The `BridgeSettings` struct in the same file is already well-extracted and serves as the model for further decomposition.

---

## Refactoring Plan (Priority Order)

### Priority 1: Extract shared helpers (low risk, high DRY impact)

| Refactoring | Smell Addressed | Estimated Reduction |
|-------------|----------------|-------------------|
| `apply_project_filter(sql, project_id)` helper | Duplicate Code (SMELL-13) | ~80 lines |
| `authorize_and_spawn(state, platform, event)` | Duplicate Code (SMELL-13) | ~90 lines |
| `ChannelIdentity::new_for_platform()` constructor | Duplicate Code (SMELL-13) | ~40 lines |
| `send_text()` / `send_with_buttons()` in commands | Duplicate Code (SMELL-13) | ~60 lines |
| `ChannelState::with_write()` helper | Duplicate Code (SMELL-13) | ~30 lines |

### Priority 2: Extract long methods (medium risk)
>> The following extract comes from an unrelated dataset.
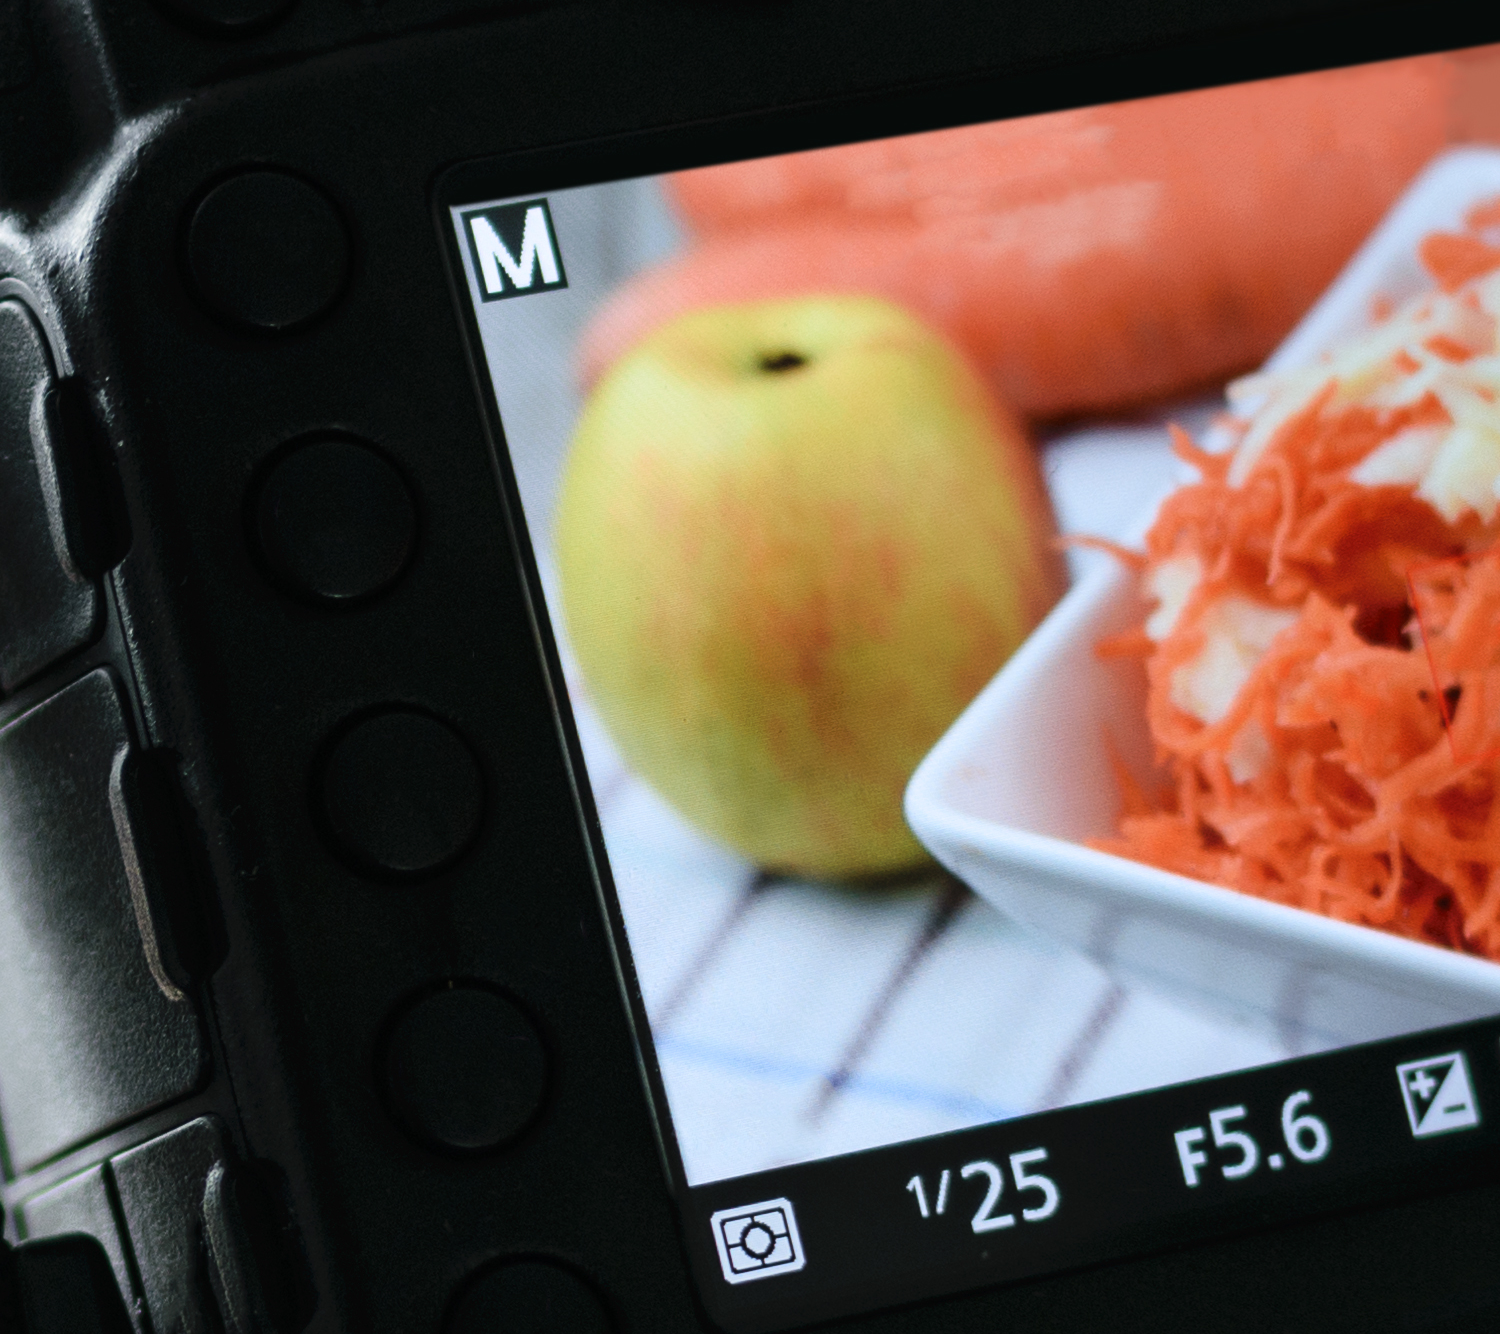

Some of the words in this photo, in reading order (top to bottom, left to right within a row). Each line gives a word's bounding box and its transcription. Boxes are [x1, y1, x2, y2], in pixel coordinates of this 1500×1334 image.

| Refactoring | Target | Into |
|-------------|--------|------|
| Decompose `aggregate_cost_metrics` (208 lines) | `sqlite_store.rs:634-842` | 5 focused query methods |
| Decompose `handle_text_message` (~300 lines) | `event_dispatch.rs:12-311` | 4-5 handler phases |
| Decompose `run_add` (140 lines) | `channel_cmd.rs:335-475` | 4 prompt+persist functions |

### Priority 3: Split God Objects (higher risk, SRP alignment)

| Refactoring | Target | Into |
|-------------|--------|------|
| Split `SqliteAnalyticsStore` | `sqlite_store.rs` | `ProjectRepo`, `SessionRepo`, `AnalyticsQueryRepo`, `PricingRepo` |
| Split `channel_cmd` module | `channel_cmd.rs` | `dispatch.rs`, `interactive.rs`, `lifecycle.rs`, `status.rs` |
| Split `commands` module | `commands.rs` | `handlers.rs`, `callbacks.rs`, `formatting.rs`, `session_io.rs` |
| Extract `OpenRouterConfig` from `AppRegistry` | `registry.rs` | Separate struct for alias management |

---

## Tool Usage

```bash
# Step 1: File size metrics
find src -name "*.rs" -exec wc -l {} + | sort -rn | head -25

# Step 2: Function count metrics
find src -name "*.rs" | xargs grep -l "pub fn " | while read f; do \
  echo "$(grep -c 'pub fn ' $f) $f"; done | sort -rn | head -15

# Step 3: Knowledge graph queries (Episteme MCP)
search_knowledge("god class large class single responsibility", entity_type="smell")
search_knowledge("long method function too many parameters", entity_type="smell")

# Step 4: Targeted code review (Agent subagents)
# - sqlite_store.rs deep analysis
# - channel_cmd.rs + commands.rs analysis
# - Cross-adapter duplication audit
# - registry.rs + state.rs God Object check
```

## Key Takeaways

1. **Hexagonal architecture helps but doesn't prevent adapter bloat** — the ports are clean, but adapters accumulate responsibilities when multiple entity types share one storage backend.
2. **Duplication clusters around platform variants** — Telegram/Slack/Discord adapters repeat patterns that differ only in enum variants. A shared helper layer eliminates this.
3. **Long methods are the root cause** — most God Objects started as reasonable files that grew through additive changes. Extracting methods first makes God Object decomposition obvious.
4. **Query builders are the highest-leverage DRY fix** — a single `apply_project_filter` helper eliminates 11 duplication sites in the largest file.